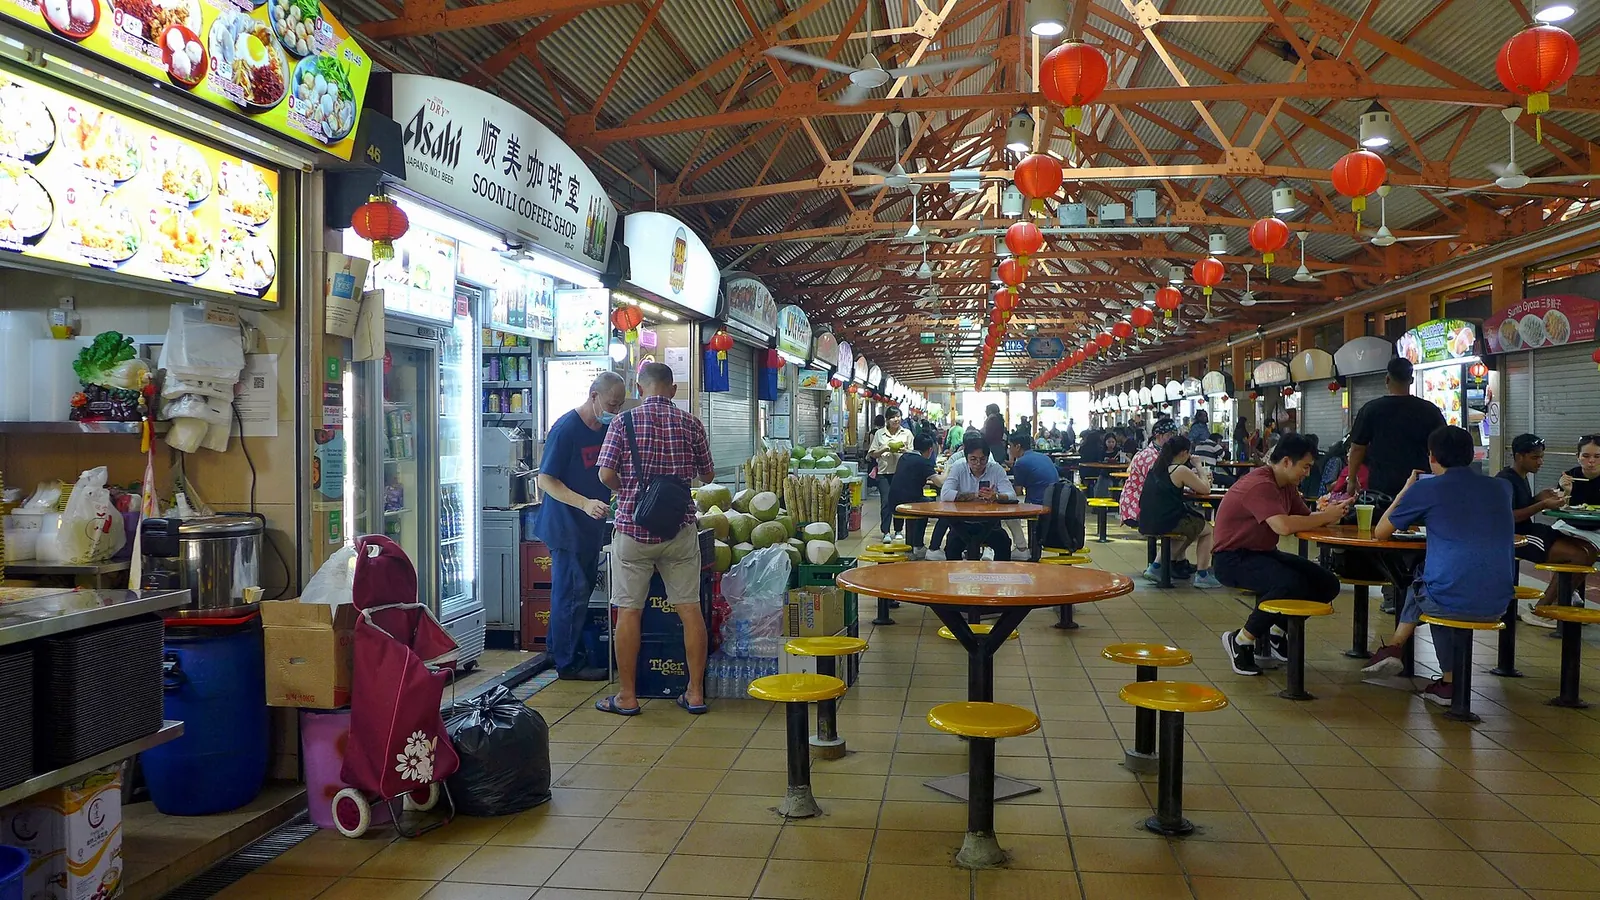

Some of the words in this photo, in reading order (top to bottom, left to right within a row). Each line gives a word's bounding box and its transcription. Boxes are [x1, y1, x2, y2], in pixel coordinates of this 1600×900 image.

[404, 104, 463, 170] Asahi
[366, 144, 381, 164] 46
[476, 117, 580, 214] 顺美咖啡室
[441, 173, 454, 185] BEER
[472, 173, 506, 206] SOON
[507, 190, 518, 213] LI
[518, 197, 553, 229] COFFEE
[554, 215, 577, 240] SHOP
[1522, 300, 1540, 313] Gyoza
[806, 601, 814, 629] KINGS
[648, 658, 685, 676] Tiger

[Exercise requirements]
Return the data above in its exact wording, with none of the pictures.

[Answer box]
Some of the words in this photo, in reading order (top to bottom, left to right within a row). Each line gives a word's bounding box and its transcription. Boxes are [x1, y1, x2, y2], in pixel coordinates of this 1600×900 image.

[404, 104, 463, 170] Asahi
[366, 144, 381, 164] 46
[476, 117, 580, 214] 顺美咖啡室
[441, 173, 454, 185] BEER
[472, 173, 506, 206] SOON
[507, 190, 518, 213] LI
[518, 197, 553, 229] COFFEE
[554, 215, 577, 240] SHOP
[1522, 300, 1540, 313] Gyoza
[806, 601, 814, 629] KINGS
[648, 658, 685, 676] Tiger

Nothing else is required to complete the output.